26 • HOWSON — Oi? — Aquele médico... o dr. Brien... Por que ele estava tão interessado nos meus sonhos? A mãe se sentou no banco do motorista e olhou para ela, de sobrancelhas erguidas. — Doçura, ele explicou. Toda e qualquer informação... — Não, eu sei. Mas perguntar sobre as roupas que eu estava usando? Para que lado eu fui? É simplesmente... Não entendi por que ele me perguntou essas coisas. — Lissa, sério, não adianta nada você me perguntar como essas coisas funcionam. Se eu achasse que chegaria aos pés do dr. Brien, teria continuado a estudar medicina depois que você nasceu. Não sei nada sobre doenças neurológicas, não sei por que precisam dessas informações. Mas, sinceramente, doçura... Entre, você já está atrasada. Pode ter certeza de que, se ele pediu a informação, é porque precisava dela. — Ela sorriu para Elissa e estendeu a mão para lhe dar um tapinha no joelho antes de ligar o carro. — Ele não perguntou à toa! — É. Eu sei. O baratinhamóvel alçou voo, e o zumbido da hélice emitiu uma vibração que, feito um calafrio, percorreu o banco e a espinha de Elissa, e então o veículo se lançou no espaço aéreo desimpedido, arremessando-se da beirada da plataforma. — Mãe... A pergunta pairou no ar: E se eu não for operada? — Que foi, Lissa? Não conseguiu dizer. A voz do médico ecoava em sua cabeça. Sua condição está piorando. Não é bom adiar nem mais uma semana. — Só estou... É assustador. Sem desviar os olhos da teia reluzente que era o cruzamento logo abaixo delas, cada vez mais próxima, a mãe se esticou para tocar o braço de Elissa.


ELO • 27 — Eu sei, doçura. Se os tratamentos anteriores tivessem funcionado... Mas esta é a nossa chance. Temos que aproveitá-la. Você não pode passar o resto da vida desse jeito. O baratinhamóvel estabeleceu contato com o cruzamento e se prendeu ao monotrilho. Com o canto do olho, Elissa viu a sombra da hélice desaparecer quando a coisa se recolheu dentro da parte superior do carro.
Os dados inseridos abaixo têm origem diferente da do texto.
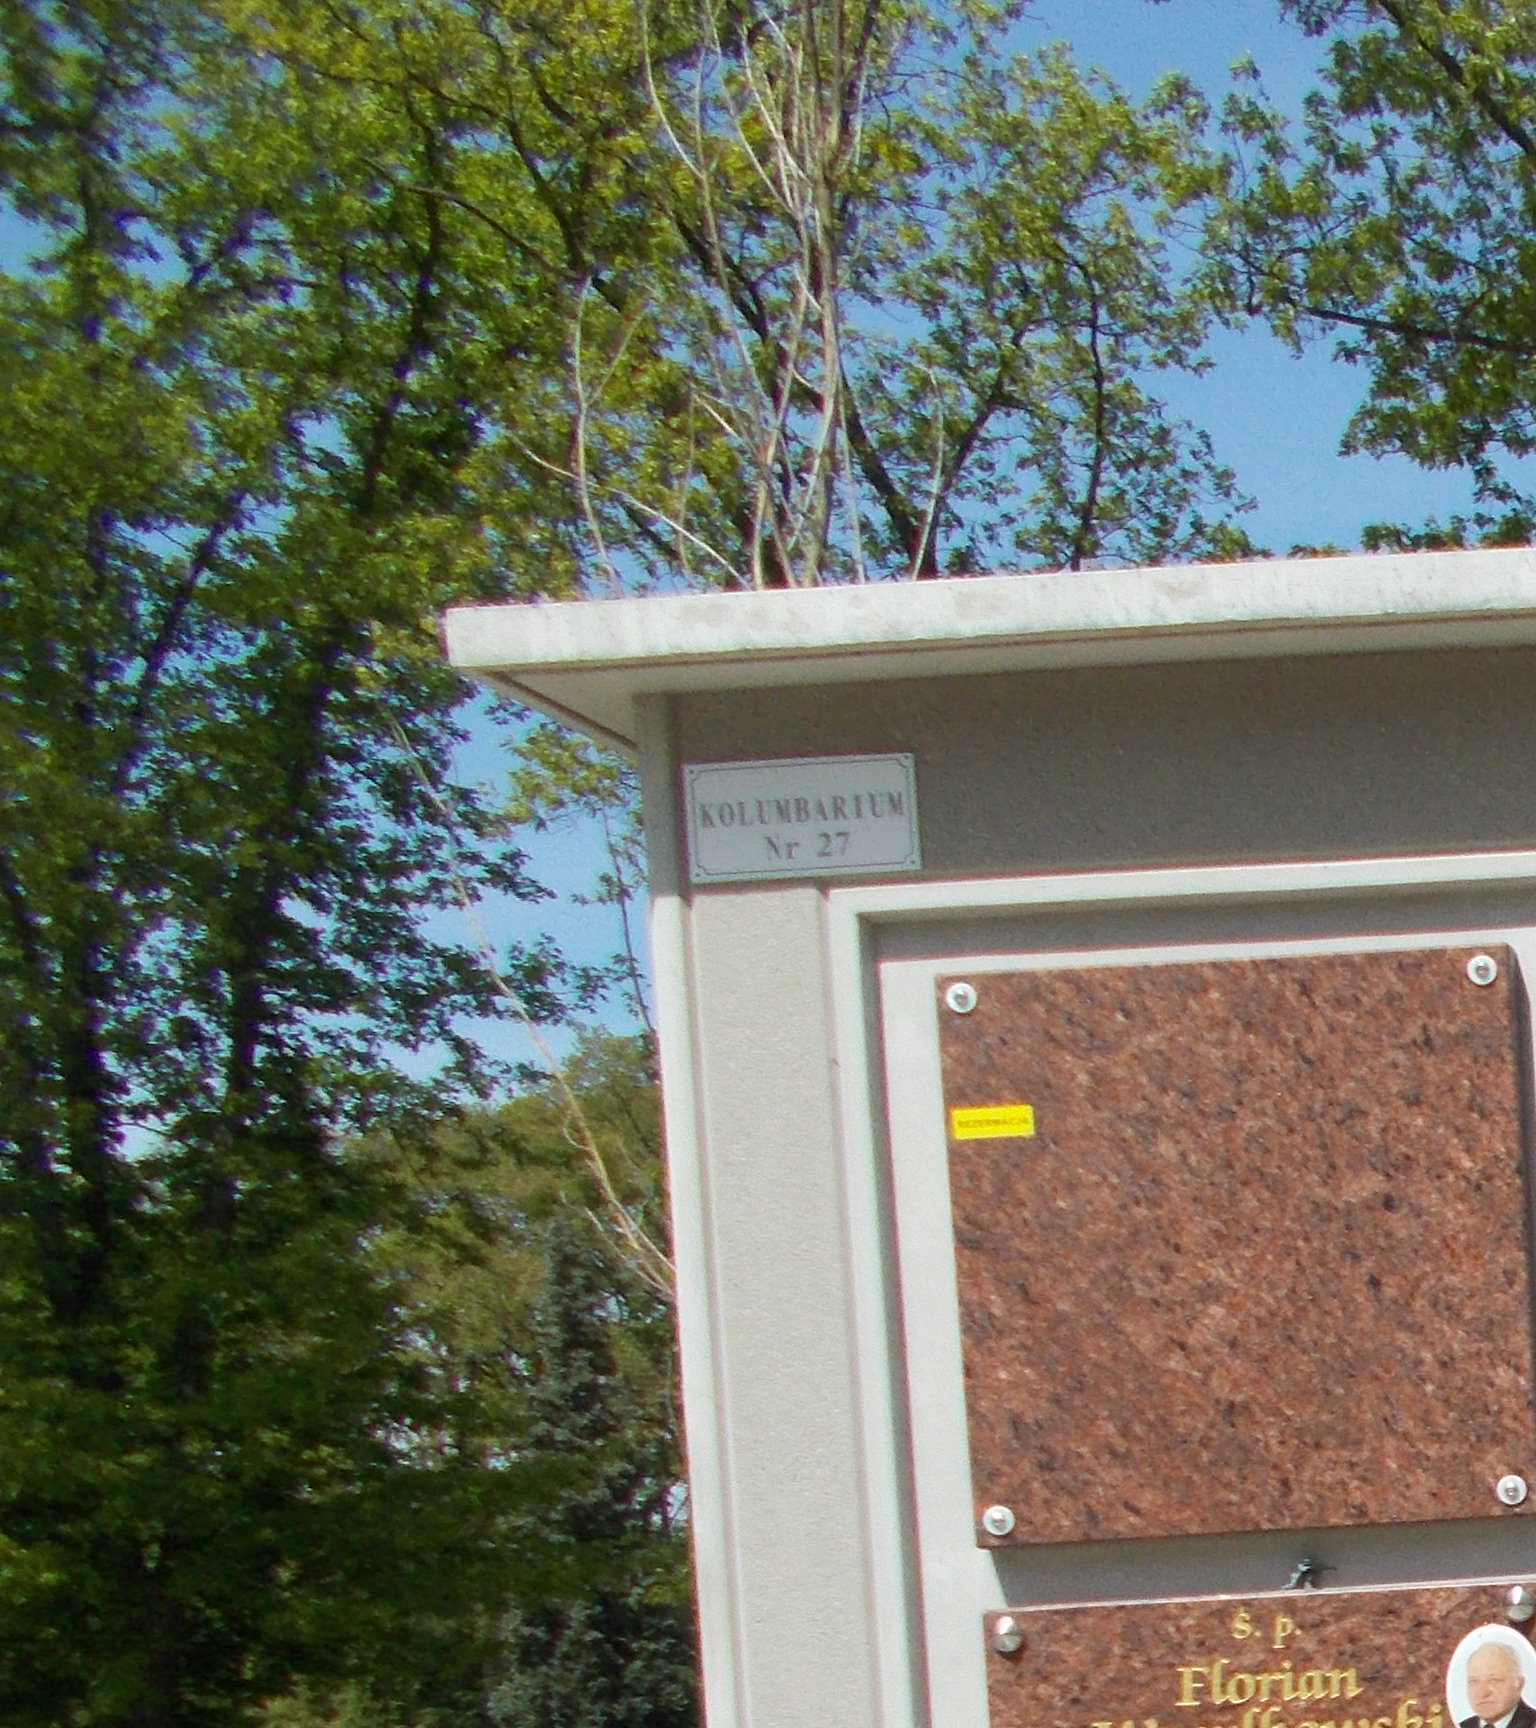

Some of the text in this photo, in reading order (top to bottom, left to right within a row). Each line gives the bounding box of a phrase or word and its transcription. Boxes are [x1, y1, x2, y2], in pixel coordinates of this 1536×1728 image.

[701, 790, 905, 828] KOLUMBARIUM
[764, 831, 851, 860] Nr 27
[1175, 1659, 1363, 1707] Florian
Aí já estavam imersas no espaguete de aço dos níveis superiores da cidade, com outros baratinhamóveis e aerociclos passando estrondosamente por elas e as esteiras rolantes cheias de pedestres lá embaixo. — Vou deixar você no telhado, tudo bem? Achei que escaparíamos do horário de pico, mas olhe só para este trânsito... Não vou passar meia hora no nível térreo. — Tudo bem. Elissa pegou a bolsa que estava a seus pés. Se a abraçasse bem forte, quase dava para acalmar seu estômago embrulhado. Pouco antes, quando ela conhecera o médico, a cirurgia tinha parecido a resposta para tudo. Mas naquele instante... Minha condição está piorando. Vou passar por uma cirurgia cerebral daqui a quatro dias. As linhas refletoras amarelas que delimitavam as zonas de pouso pareciam ir ao encontro delas. E agora... Deus do céu... A escola.